High schoolers protest healthy lunches
Kansas students created a YouTube protest parody video set to the tune of contemporary power ballad "We Are Young."
In response to calorie limits placed on high school lunches mandated by the Healthy, Hunger-Free Kids Act (HHFKA) of 2010, students at the Wallace County High School in Sharon Springs, Kansas, created a YouTube protest parody video set to the tune of contemporary power ballad "We Are Young." This video followed some students' and teachers' decision to boycott these healthier school lunches earlier this month.
"We had chicken nuggets one day. Last year, we got six and this year we only got three," Wallace High football player and young political dissident Callahan Grunt told USA Today. "We had pork cutlets the other day, and that was really small compared to last year."
HHFKA established policy goals and programs for the U.S. Department of Agriculture's Food and Nutrition Service programs - including this National School Lunch Program beleaguered by the Kansas students. Putting a limit on lunchtime calories for teens is designed to combat rising instances of childhood obesity, which the Centers for Disease Control and Prevention states has more than tripled since 1980.

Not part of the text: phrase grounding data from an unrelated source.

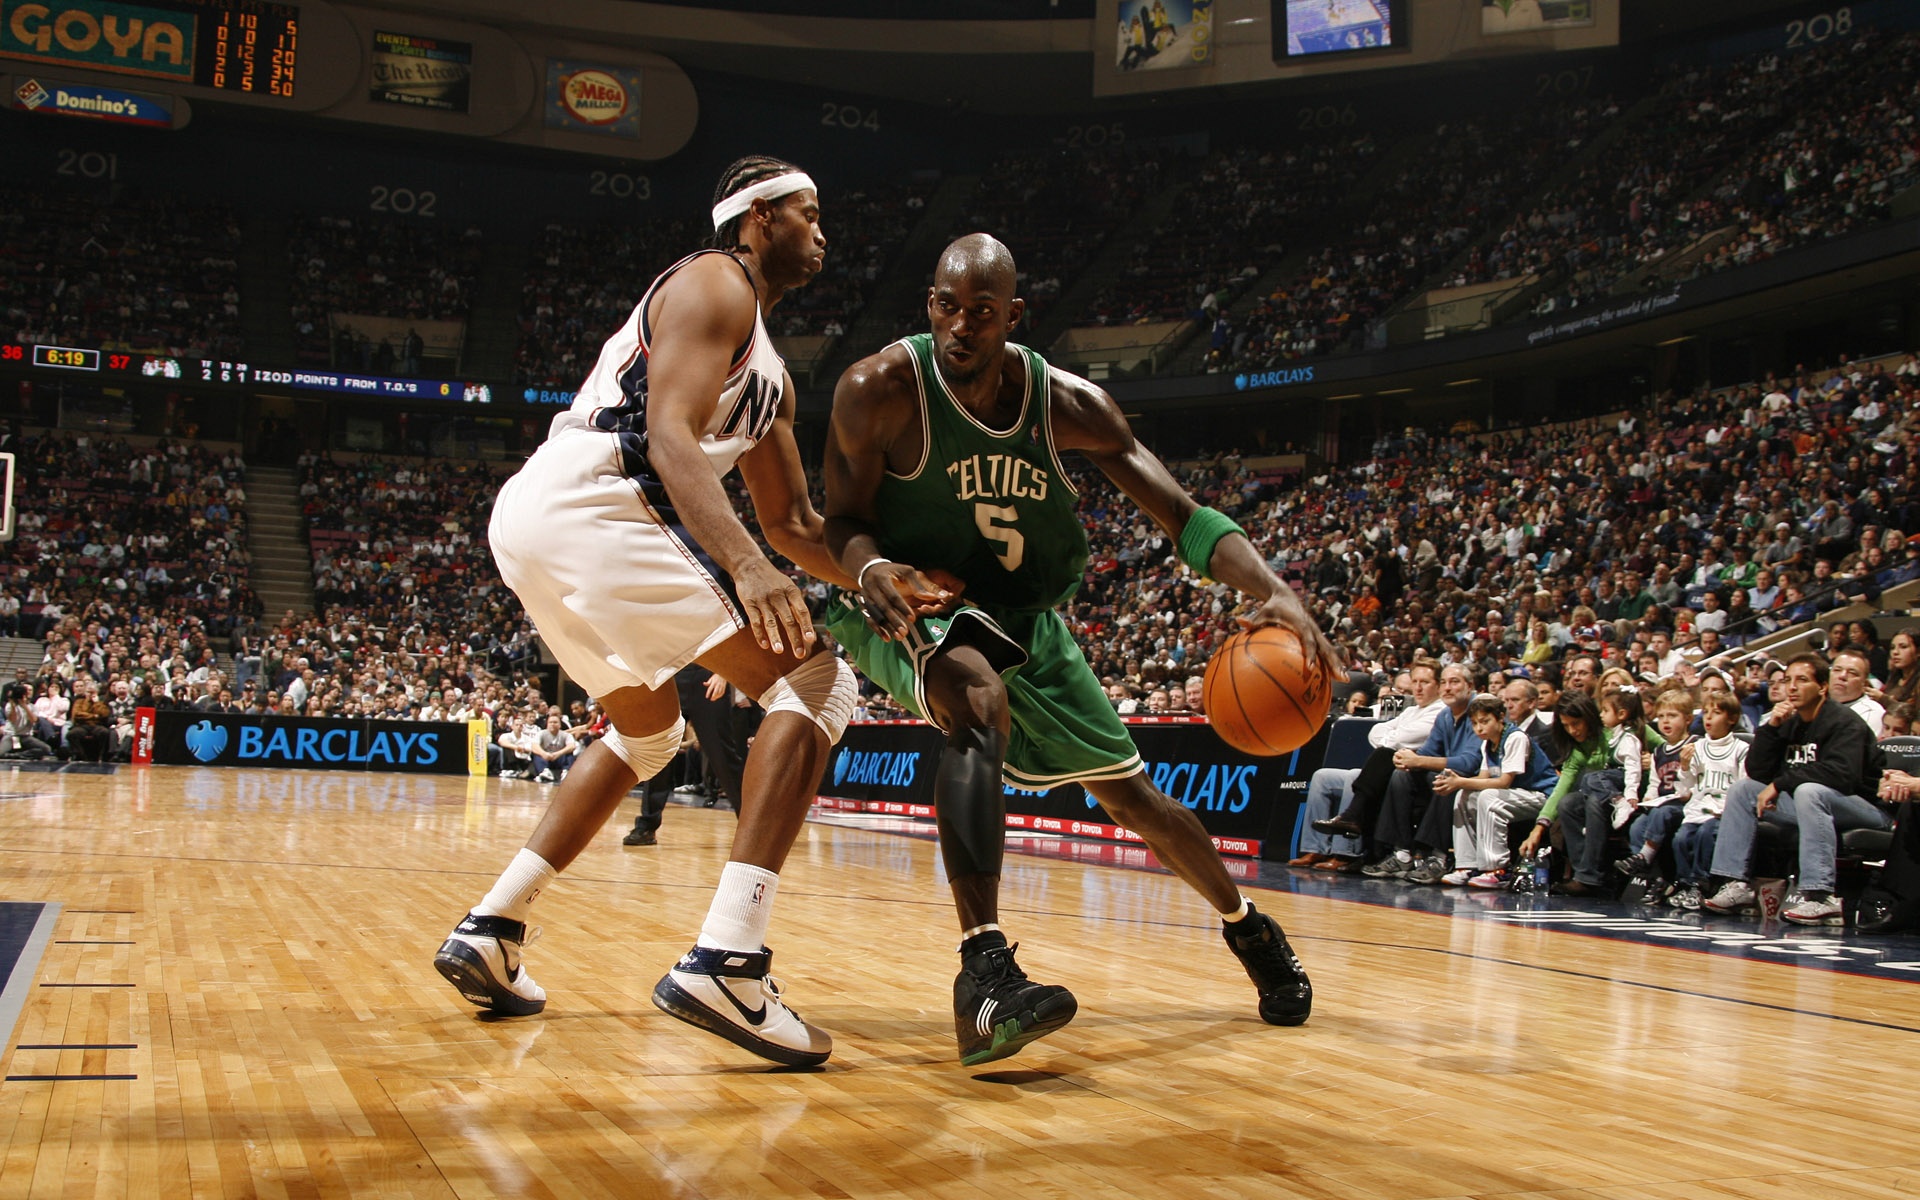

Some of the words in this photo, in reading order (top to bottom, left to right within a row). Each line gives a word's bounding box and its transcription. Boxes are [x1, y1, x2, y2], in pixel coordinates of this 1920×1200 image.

[9, 3, 184, 65] GOYA
[376, 32, 411, 46] EVENTS
[1785, 6, 1853, 48] 208
[373, 62, 413, 81] The
[1535, 65, 1595, 97] 207
[56, 89, 139, 116] Domino's
[577, 81, 622, 102] MEGA
[821, 102, 881, 132] 204
[1296, 103, 1358, 130] 206
[1066, 123, 1126, 149] 205
[56, 149, 119, 180] 201
[590, 171, 650, 200] 203
[370, 186, 437, 217] 202
[47, 349, 84, 366] 6:19
[108, 354, 130, 370] 37
[202, 369, 212, 381] 2
[220, 370, 231, 382] 5
[237, 372, 246, 384] 1
[254, 370, 293, 383] IZOD
[295, 374, 338, 386] POINTS
[344, 378, 377, 389] FROM
[440, 383, 450, 396] 6
[1250, 366, 1315, 389] BARCLAYS
[946, 454, 1048, 501] CELTICS
[974, 503, 1025, 572] 5
[238, 725, 440, 765] BARCLAYS
[847, 751, 920, 787] BARCLAYS
[1143, 762, 1258, 813] RCLAYS
[1280, 781, 1307, 789] MARQUIS
[1664, 775, 1675, 791] 5
[1042, 820, 1062, 830] TOYOTA
[1081, 824, 1103, 835] TOYOTA
[1222, 839, 1248, 851] TOYOTA
[1630, 876, 1648, 887] MA
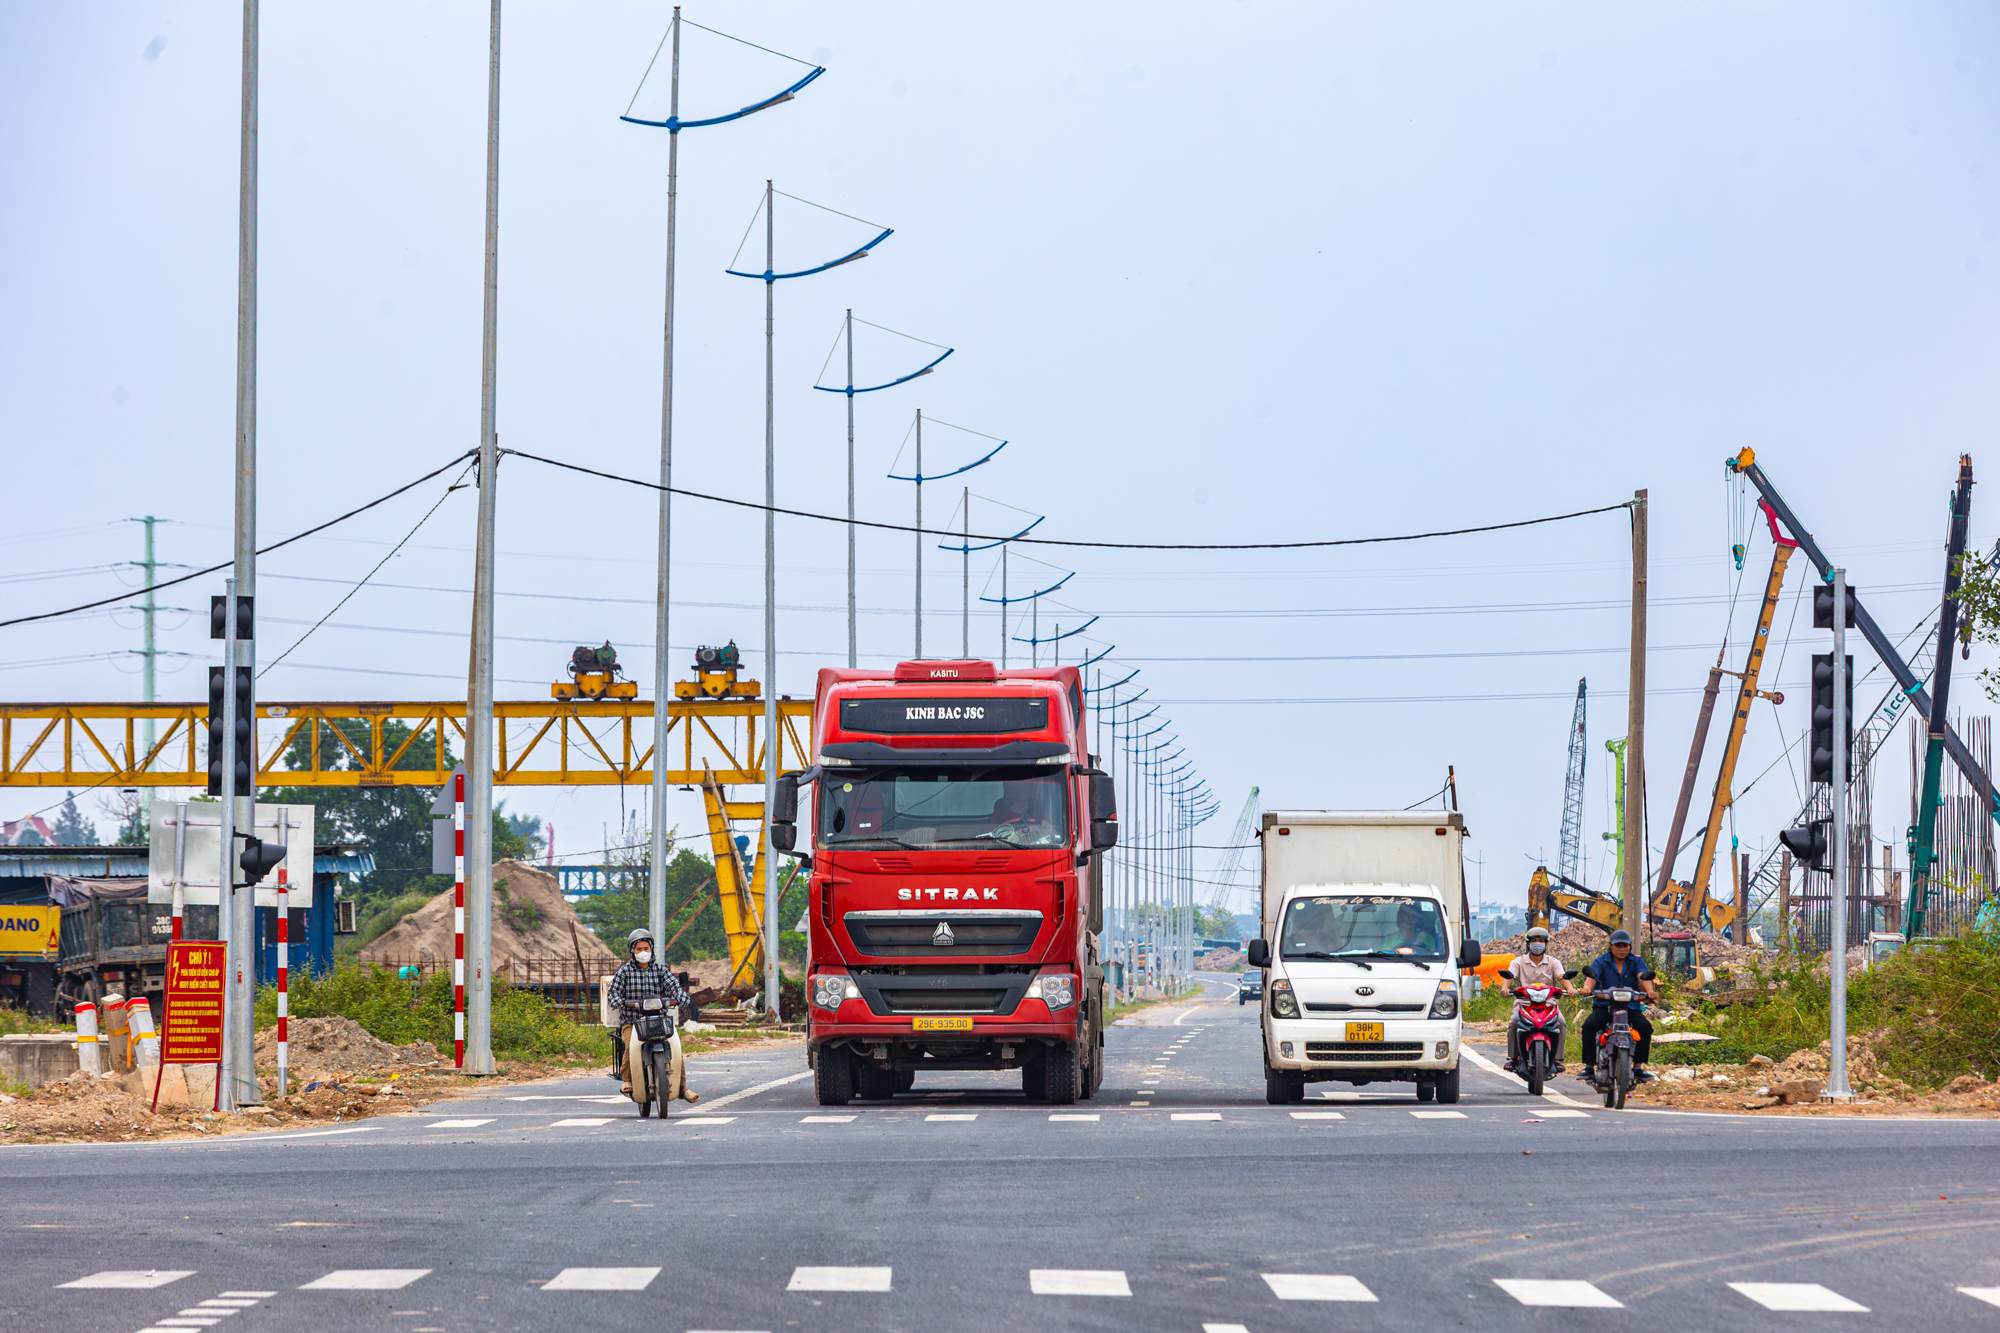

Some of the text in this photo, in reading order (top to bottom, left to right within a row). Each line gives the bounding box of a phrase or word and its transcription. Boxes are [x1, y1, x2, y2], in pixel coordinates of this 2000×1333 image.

[930, 669, 958, 678] KASITU
[906, 706, 985, 720] KINH BAC JSC
[898, 888, 998, 900] SITRAK
[1577, 900, 1588, 912] CAT
[189, 949, 202, 965] CHÚ
[1358, 987, 1372, 995] KIA
[917, 1019, 968, 1029] 29E-935.00
[1356, 1023, 1374, 1032] 98H
[1349, 1032, 1380, 1041] 011.42
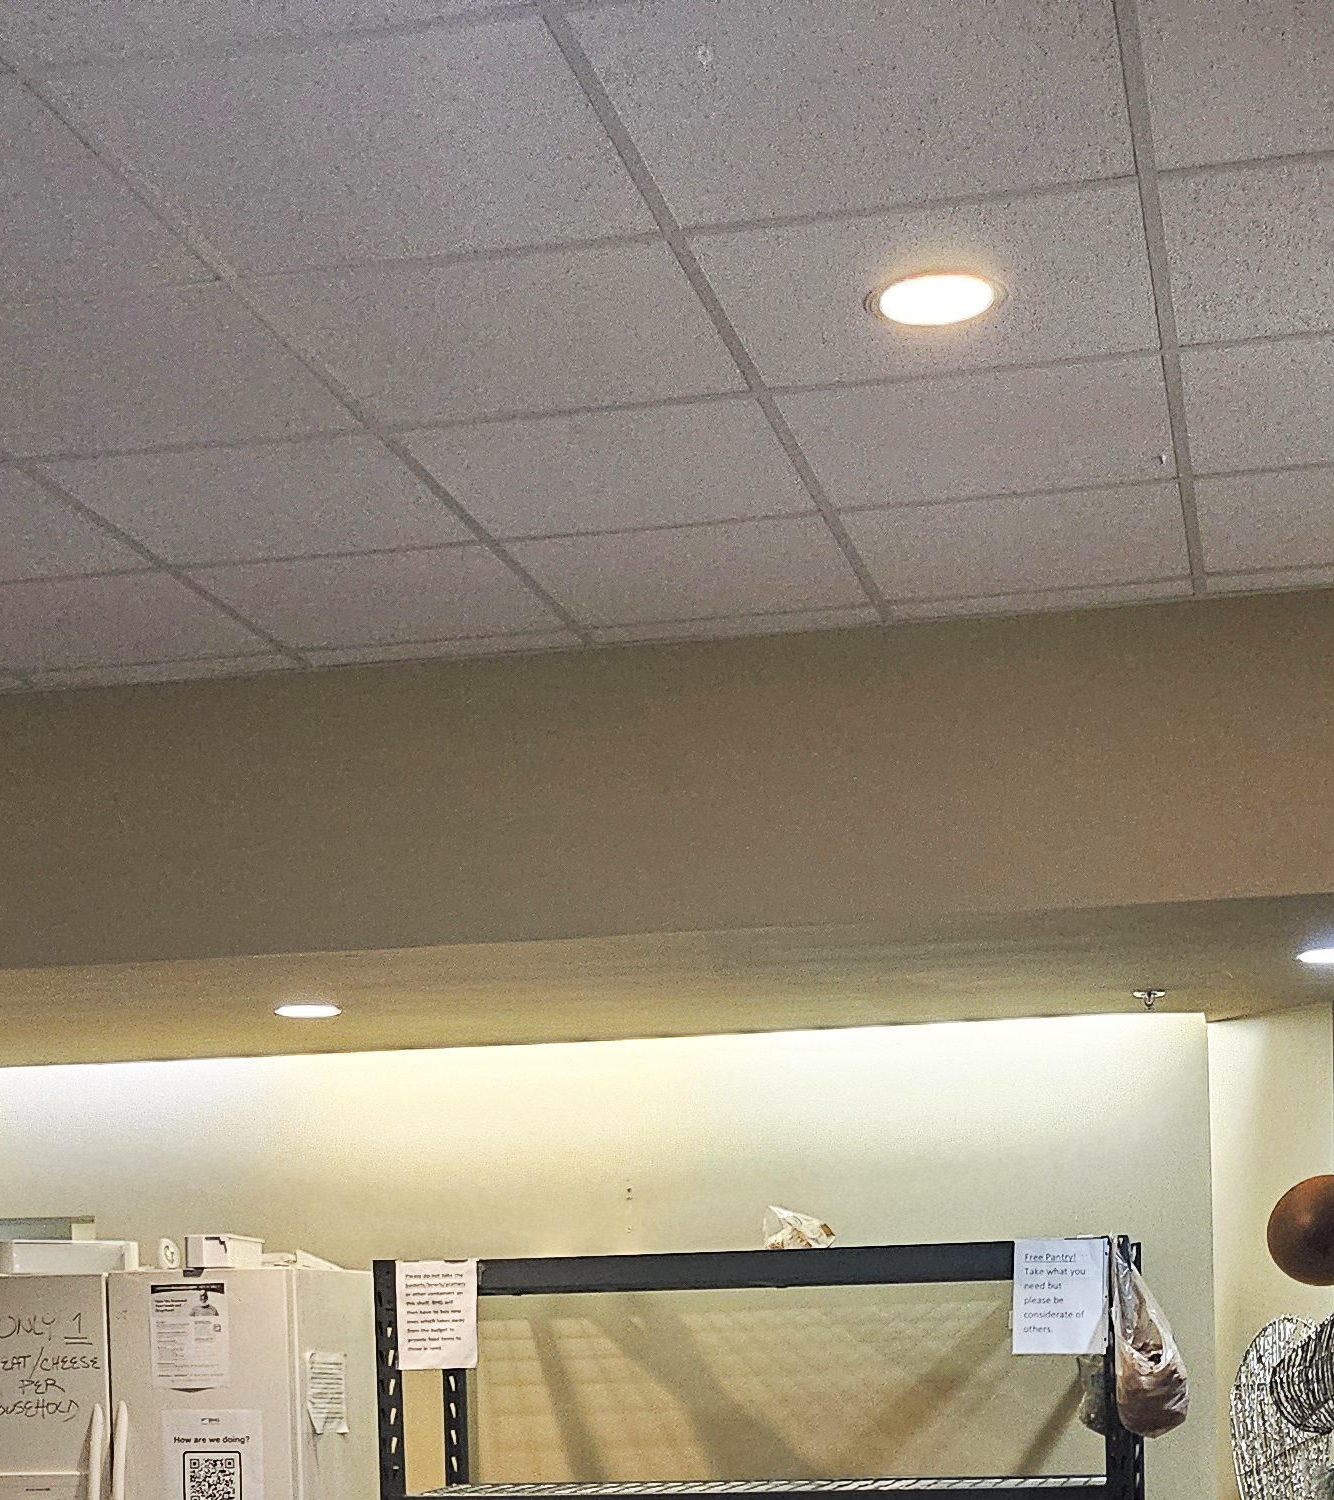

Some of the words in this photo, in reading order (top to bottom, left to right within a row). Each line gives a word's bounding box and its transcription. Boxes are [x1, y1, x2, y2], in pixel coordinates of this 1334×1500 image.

[1024, 1253, 1043, 1262] Free
[1045, 1252, 1076, 1263] Pantry!
[1024, 1267, 1045, 1276] Take
[1047, 1267, 1068, 1276] what
[1070, 1269, 1086, 1277] you
[1024, 1281, 1045, 1290] need
[1047, 1281, 1062, 1290] but
[1024, 1296, 1051, 1305] please
[1053, 1295, 1064, 1304] be
[1023, 1310, 1073, 1319] considerate
[1075, 1310, 1085, 1319] of
[1023, 1325, 1054, 1334] others.
[19, 1377, 65, 1395] PER
[173, 1436, 192, 1444] How
[222, 1435, 250, 1445] doing?

Furthermore, the CDC's latest statistics show that nearly 20 percent of youngsters between the ages of 12 and 19 were clinically obese as of 2008. Recent findings published in the British Medical Journal indicate that kids with unhealthy weight could have a 40 percent greater long-term risk of stroke and heart disease. High cholesterol, which has also been linked to childhood obesity, can be treated if individuals buy Lipitor from Canadian and online pharmacies. Obesity also ups the odds of developing diabetes, for which those afflicted can buy Actos from Canadian and international online pharmacies.
According to USA Today, the National School Lunch Program caps the calorie count of lunches served to high school seniors at 850 calories, with 750 calories being the limit for younger adolescents. In the YouTube video and to the news source, the Wisconsin high schoolers complain that this isn't enough to get them through a day full of chores on the farm, classes and afterschool activities such as football practice.
However, Margo Wootan, the director of nutrition policy for the Center for Science in the Public Interest, an organization that supported the HHFKA, told USA Today that the new meals give students enough protein, and that 850 calories is plenty for most people's lunches.
"Not all students are linebackers, and we shouldn't feed them like they are," she told the new source.